49.93user 3.50system 0:59.39elapsed 89%CPU (0avgtext+0avgdata 719456maxresident)k
0inputs+0outputs (0major+121658minor)pagefaults 0swaps
strace -o trace.log -cf node app.js:
% time seconds usecs/call calls errors syscall
------ ----------- ----------- --------- --------- ----------------
63.25 13.745354 6142 2238 nanosleep
23.97 5.209725 3926 1327 1 futex
5.97 1.296700 1293 1003 read
2.14 0.464029 9667 48 munmap
1.86 0.404026 2479 163 16 open
1.75 0.380024 34548 11 sendto
0.85 0.184084 856 215 15 write
<snip>
It's kind of worrisome that nearly 64% of syscall time is spent in nanosleep()
. Can you rerun the test with this small patch applied? (That's probably not it but let's be thorough anyway).
diff --git a/deps/uv/src/unix/ev/ev.c b/deps/uv/src/unix/ev/ev.c
index a432bfb..334c7c0 100644
--- a/deps/uv/src/unix/ev/ev.c
+++ b/deps/uv/src/unix/ev/ev.c
@@ -2488,7 +2488,6 @@ ev_run (EV_P_ int flags)
if (expect_true (sleeptime > 0.))
{
- ev_sleep (sleeptime);
waittime -= sleeptime;
}
}
If that doesn't fix the throughput, can you please revert the patch and benchmark your app with callgrind?
$ valgrind --tool=callgrind --callgrind-out-file=callgrind.log node app.js
$ cg_annotate --auto callgrind.log
Note that valgrind/callgrind basically runs your program in a virtual machine so it's really, really slow. Grab another cup of coffee, you'll have plenty time for it. :-)

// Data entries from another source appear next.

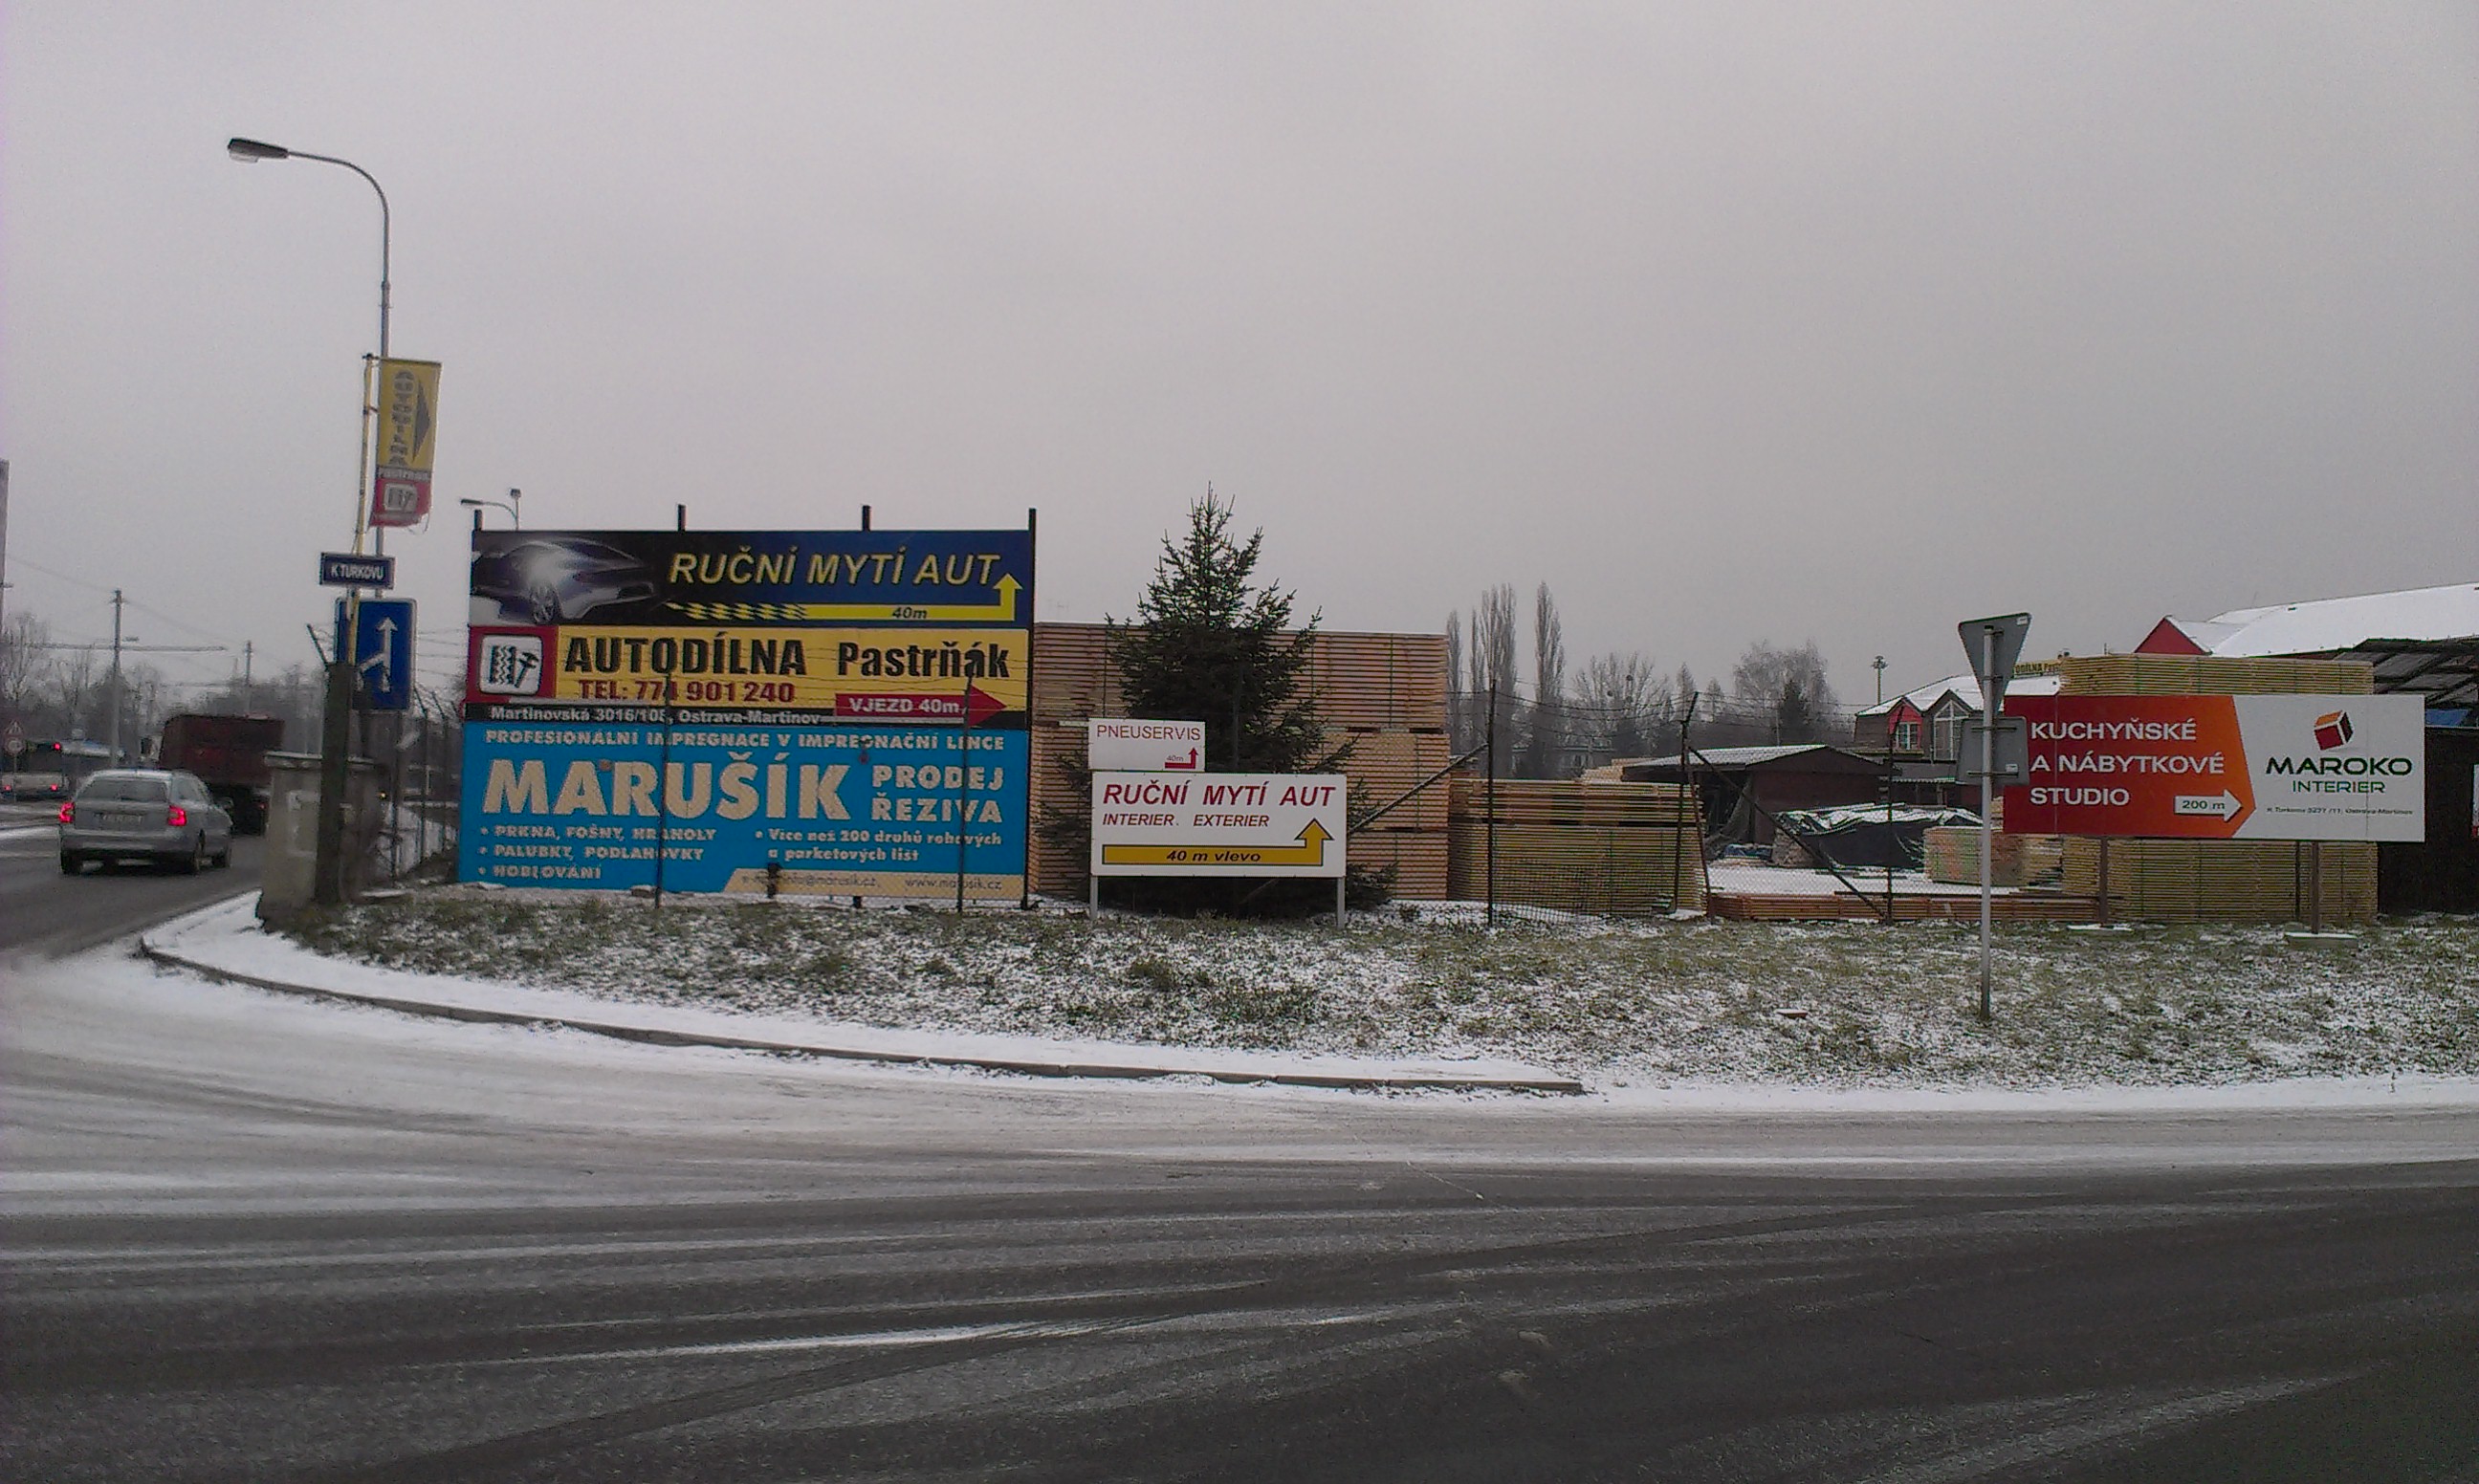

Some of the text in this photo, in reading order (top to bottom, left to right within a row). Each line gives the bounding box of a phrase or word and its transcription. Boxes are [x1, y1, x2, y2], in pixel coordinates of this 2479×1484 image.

[331, 563, 384, 580] K TURKOVU
[669, 545, 1001, 585] RUČNÍ MYTÍ AUT
[891, 607, 929, 620] 40m
[564, 631, 1010, 678] AUTODÍLNA Pastrňák
[578, 679, 628, 701] TEL:
[686, 681, 735, 703] 901
[742, 682, 796, 704] 240
[848, 697, 959, 713] VJEZD 40m
[491, 705, 591, 721] Martinovská
[678, 709, 821, 726] Ostrava-Martinov
[1096, 724, 1201, 741] PNEUSERVIS
[2030, 717, 2197, 741] KUCHYŇSKÉ
[485, 728, 1004, 751] PROFESIONÁLNÍ IMPREGNACE V IMPREGNAČNÍ LINCE
[1166, 754, 1184, 763] 40m
[2029, 750, 2225, 775] A NÁBYTKOVÉ
[2265, 756, 2413, 775] MAROKO
[482, 751, 851, 820] MARUŠÍK
[871, 764, 1003, 792] PRODEJ
[2293, 780, 2386, 794] INTERIER
[1102, 779, 1337, 807] RUČNÍ MYTÍ AUT
[2029, 787, 2131, 806] STUDIO
[870, 792, 1002, 823] ŘEZIVA
[2182, 799, 2226, 810] 200 m
[1193, 815, 1270, 828] EXTERIER
[494, 824, 560, 841] PRKNA,
[565, 822, 625, 842] FOŠNY,
[806, 829, 837, 842] než
[840, 829, 871, 843] 200
[874, 829, 923, 844] druhů
[494, 843, 704, 862] PALUBKY, PODLAHOVKY
[767, 848, 779, 859] a
[784, 846, 887, 863] parketových
[1166, 850, 1261, 862] 40 m vlevo

Will try the patch, however in the meantime tried running with node --prof
It gives me the following
Statistical profiling result from v8.log, (247570 ticks, 41 unaccounted, 0 excluded).
[Shared libraries]:
ticks total nonlib name
194785 78.7% 0.0% b775a000-b775b000
44965 18.2% 0.0% /lib/libcrypto.so.0.9.8
537 0.2% 0.0% /lib/libc-2.12.1.so
2 0.0% 0.0% /usr/lib/libstdc++.so.6.0.14
1 0.0% 0.0% /lib/libssl.so.0.9.8
Not exactly sure what to make of it, but some googling leads me to believe that the shared library taking time may be linux-gate.so, which does virtual system calls. If that is the case, again not sure what to think of it as timing indicated most of the time was spent in user space :-/
Yes, that's the vDSO. It ranking so high is probably the result of calling gettimeofday()
or clock_gettime()
an awful lot, there's not much else it does.
After some investigation I think I've found the culprit and it was 80% me, there was a certain point in the app where the streams were not correctly paused and resumed. The app kept writing to a stream that was returning false from write().
However IMHO it is a bit aggressive behaviour that node then starts consuming 100% cpu when it could be just buffering the overhead data, because now it is the application that needs to do that anyway. Maybe there's a reason to that?
It's part of the contract of the streams API. Buffering up is almost always a bad idea because it's very easy to chew up lots of memory. stdout in node used to buffer, search the bug tracker to see what kinds of problems that caused.
Using node v0.6.2 http://pastebin.com/sdV8qBDQ is what strace gives me.
http://pastebin.com/H4Sf87Kt is my code. I don't think there is anything in there that could be doing an infinite loop that'd cause something like this, so it seems like a node issue to me.
No one on IRC was able to help and said I should report it here.